[[ RECORDS TO PROCESS, beginning ]]

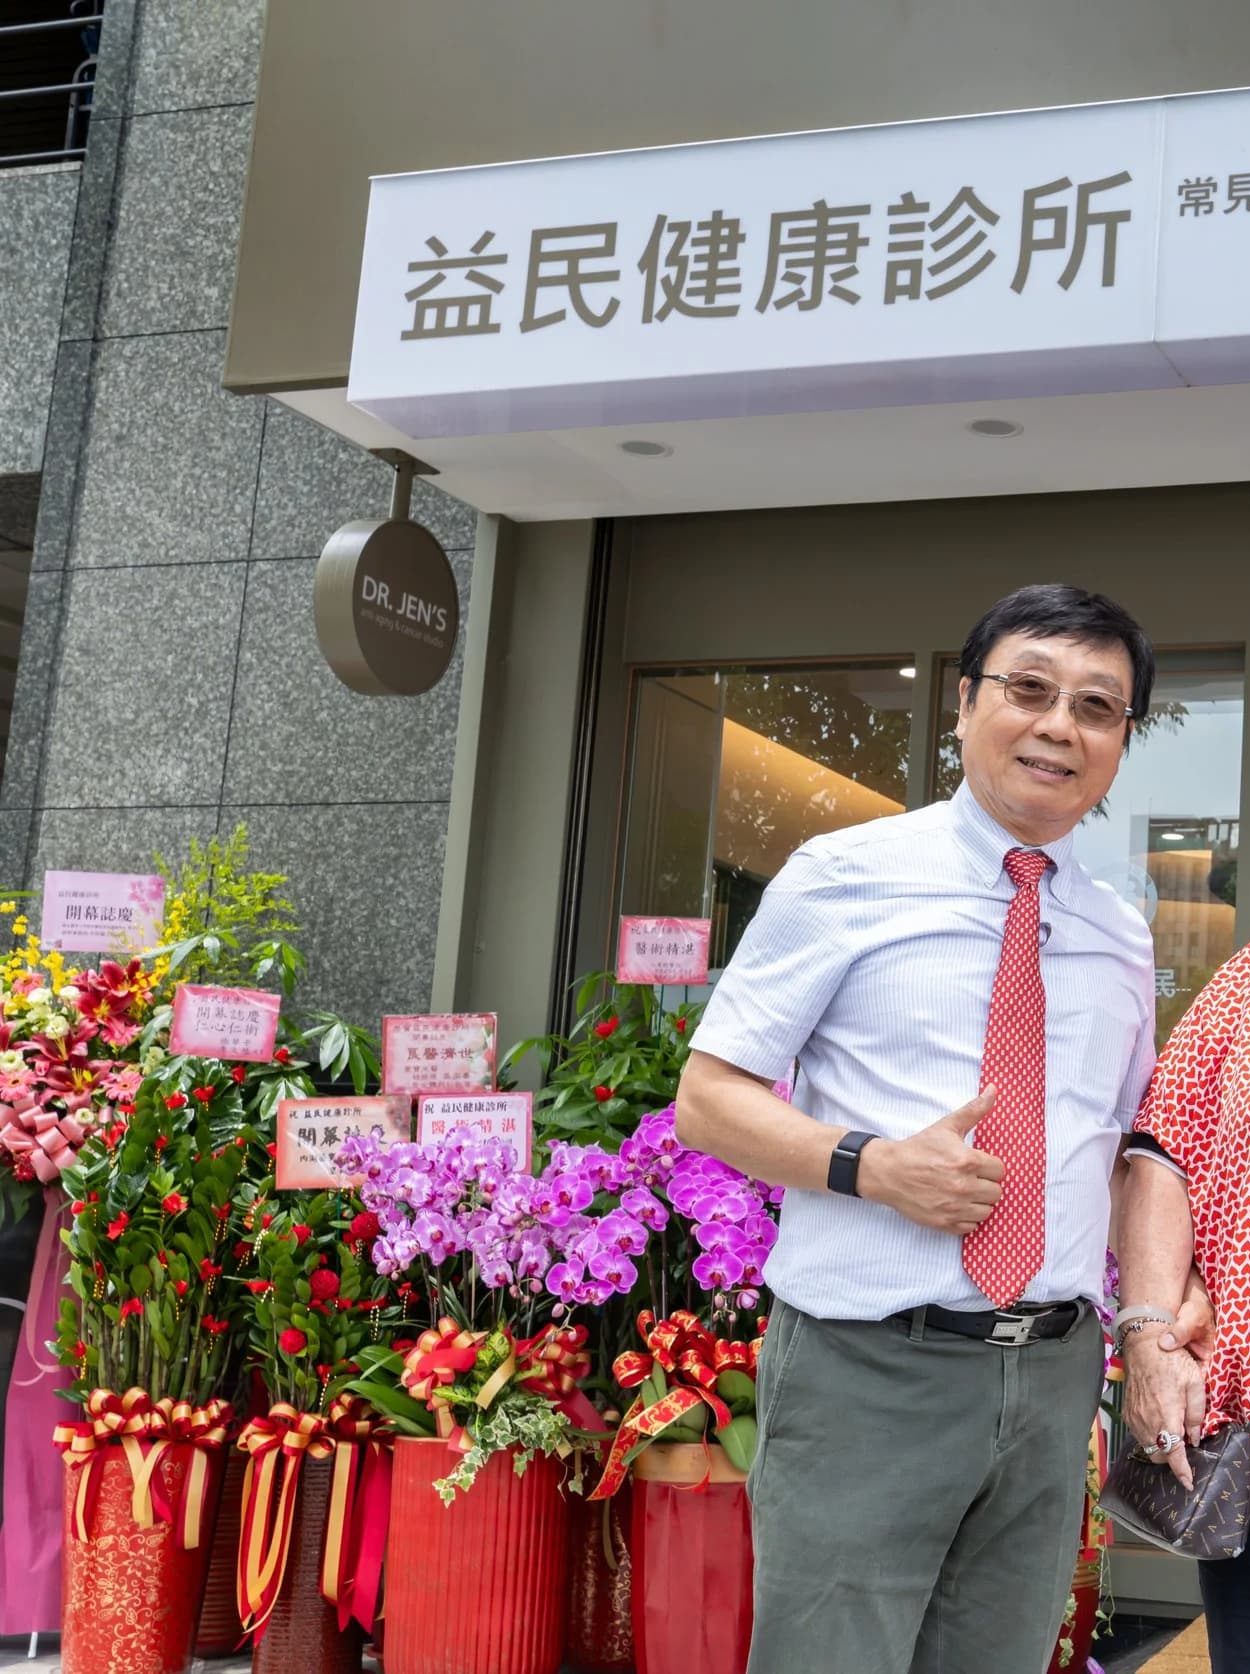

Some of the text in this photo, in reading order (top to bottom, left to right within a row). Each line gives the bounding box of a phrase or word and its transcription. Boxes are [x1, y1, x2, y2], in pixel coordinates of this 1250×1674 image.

[400, 170, 1132, 341] 益民健康診所
[362, 575, 393, 611] DR.
[396, 591, 447, 632] JEN'S
[65, 905, 133, 922] 開幕誌慶
[289, 1107, 362, 1119] 祝 益民健康診所
[425, 1101, 507, 1114] 祝 益民健康診所
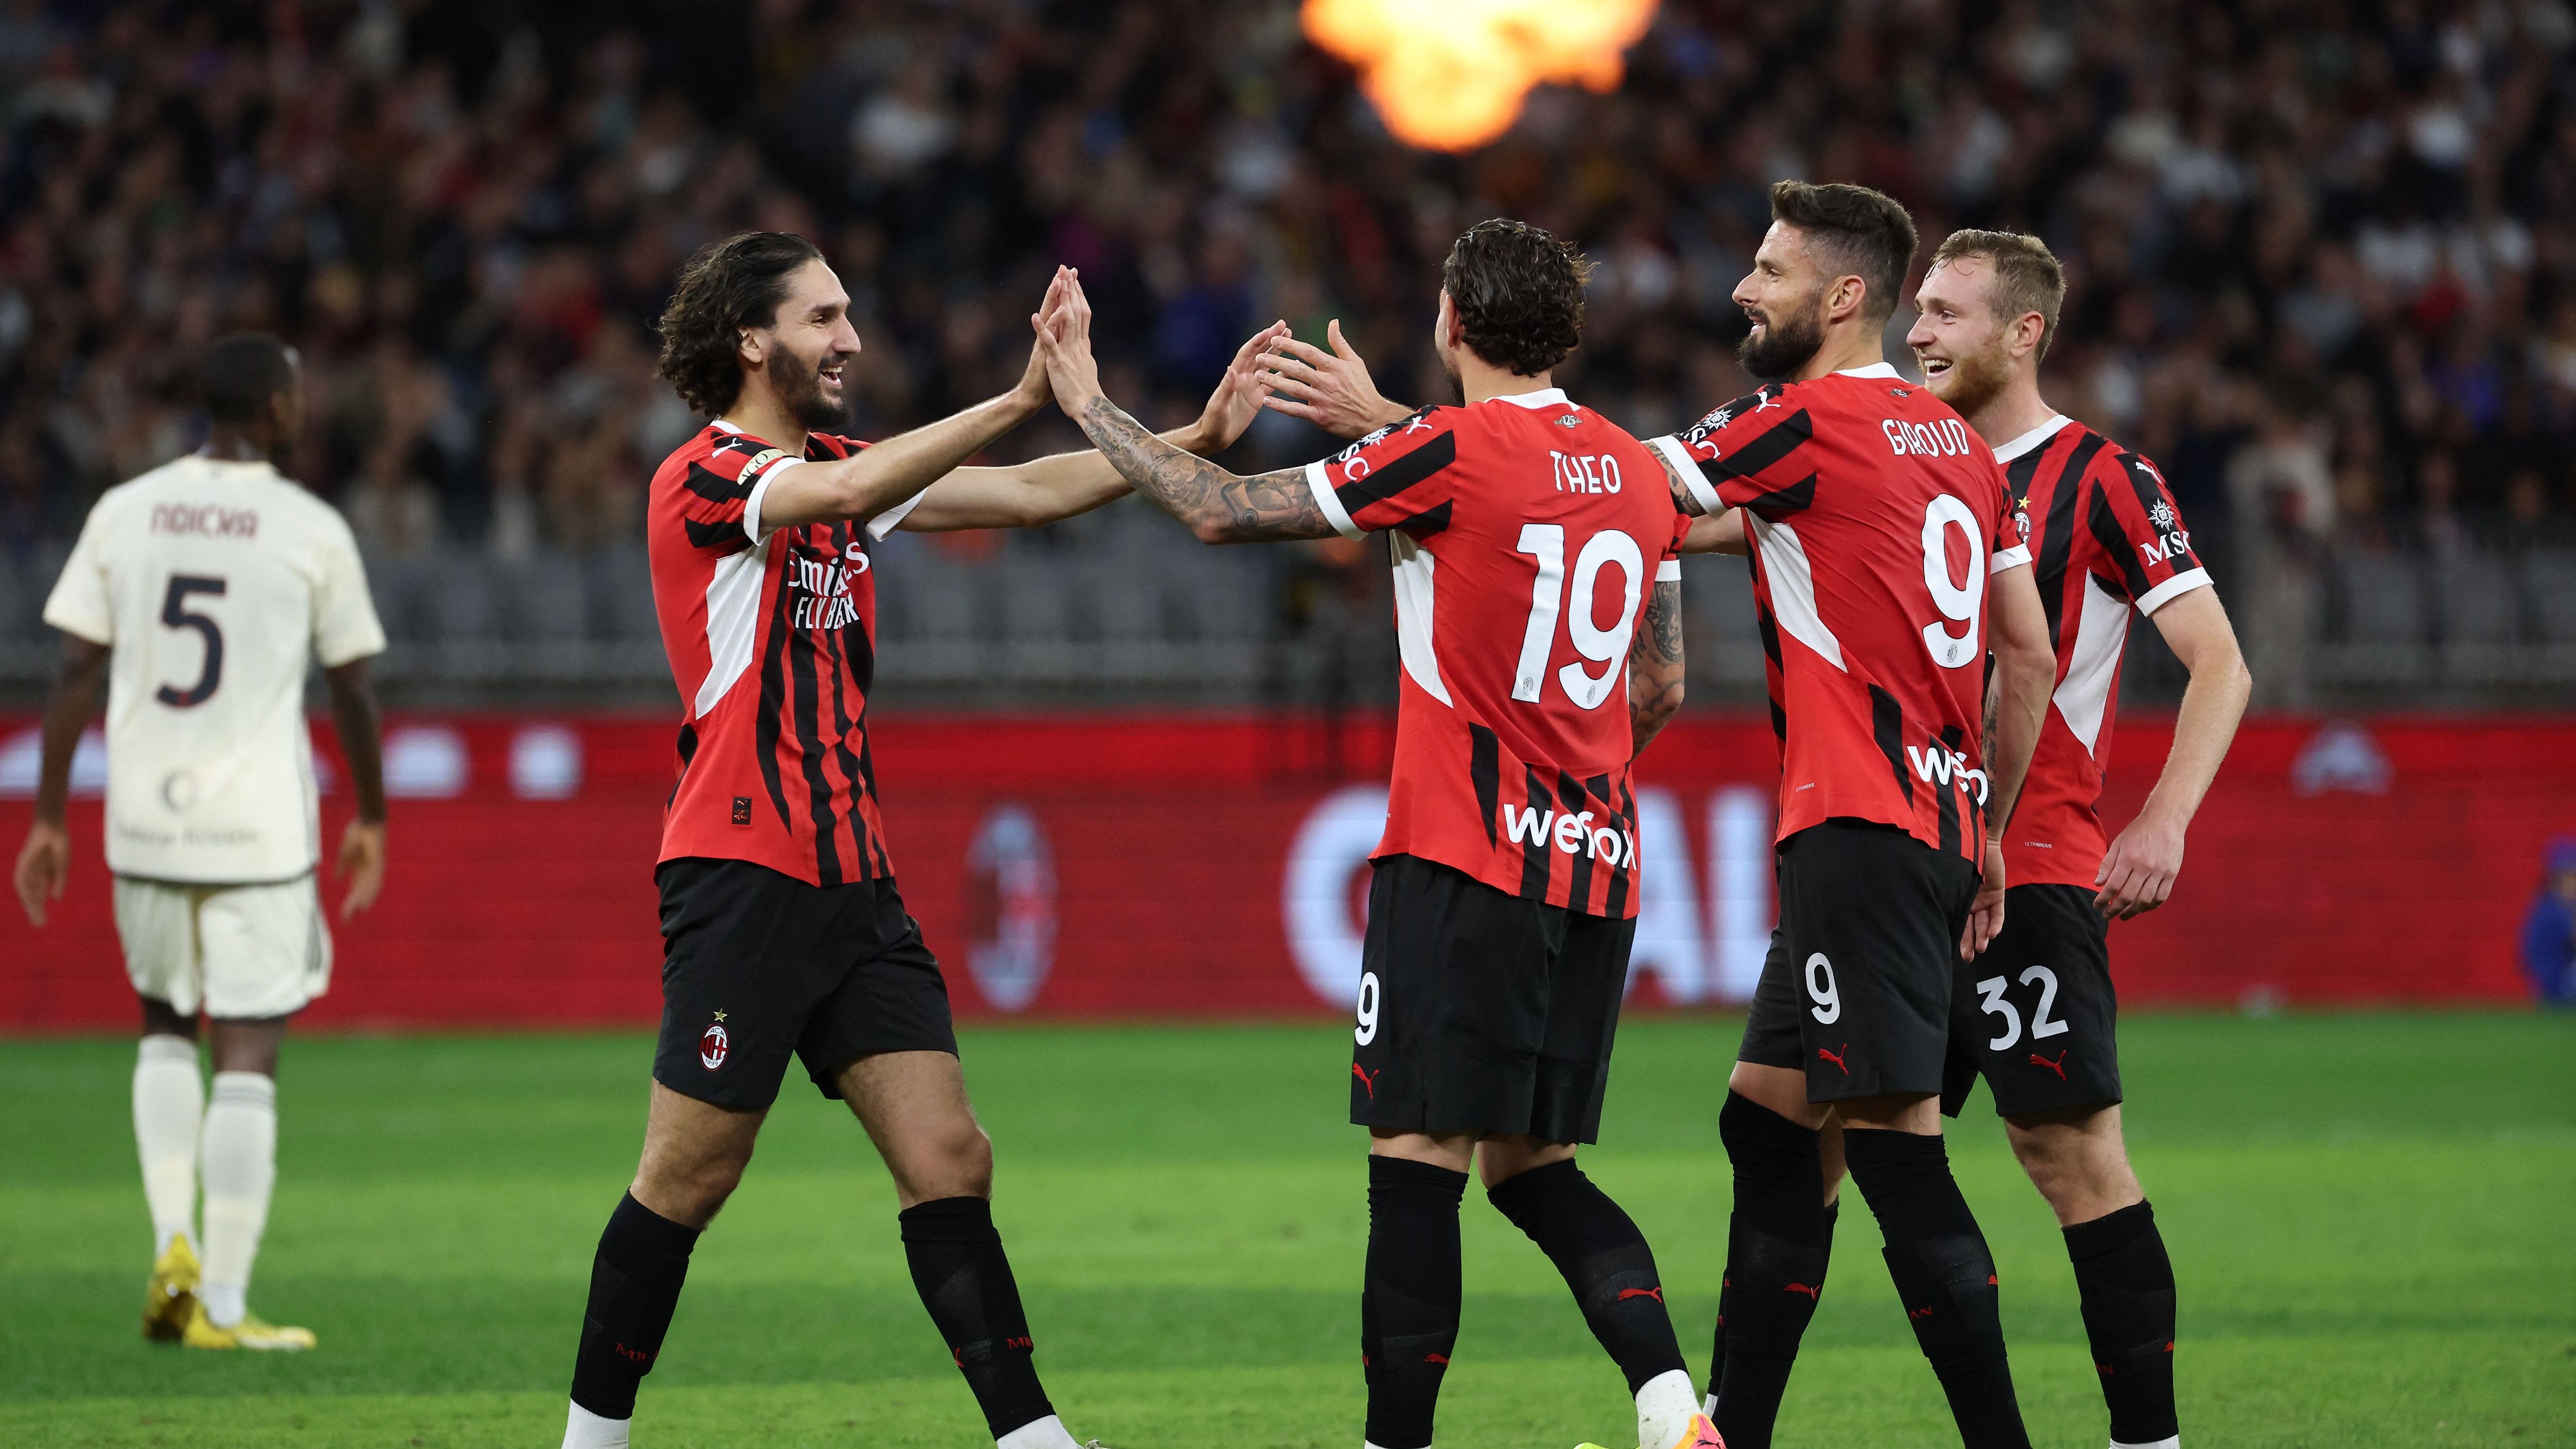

[[ RECORDS TO PROCESS, end ]]

**WHAT THE EXERCISE ASKS:**
Could you output all of the entries above exactly? Leave the pictures out.

**ANSWER SPACE:**
Some of the text in this photo, in reading order (top to bottom, left to right within a row). Each line gives the bounding box of a phrase or word and its transcription. Boxes are [x1, y1, x2, y2], in pixel coordinates of this 1250×1674 image.

[400, 170, 1132, 341] 益民健康診所
[362, 575, 393, 611] DR.
[396, 591, 447, 632] JEN'S
[65, 905, 133, 922] 開幕誌慶
[289, 1107, 362, 1119] 祝 益民健康診所
[425, 1101, 507, 1114] 祝 益民健康診所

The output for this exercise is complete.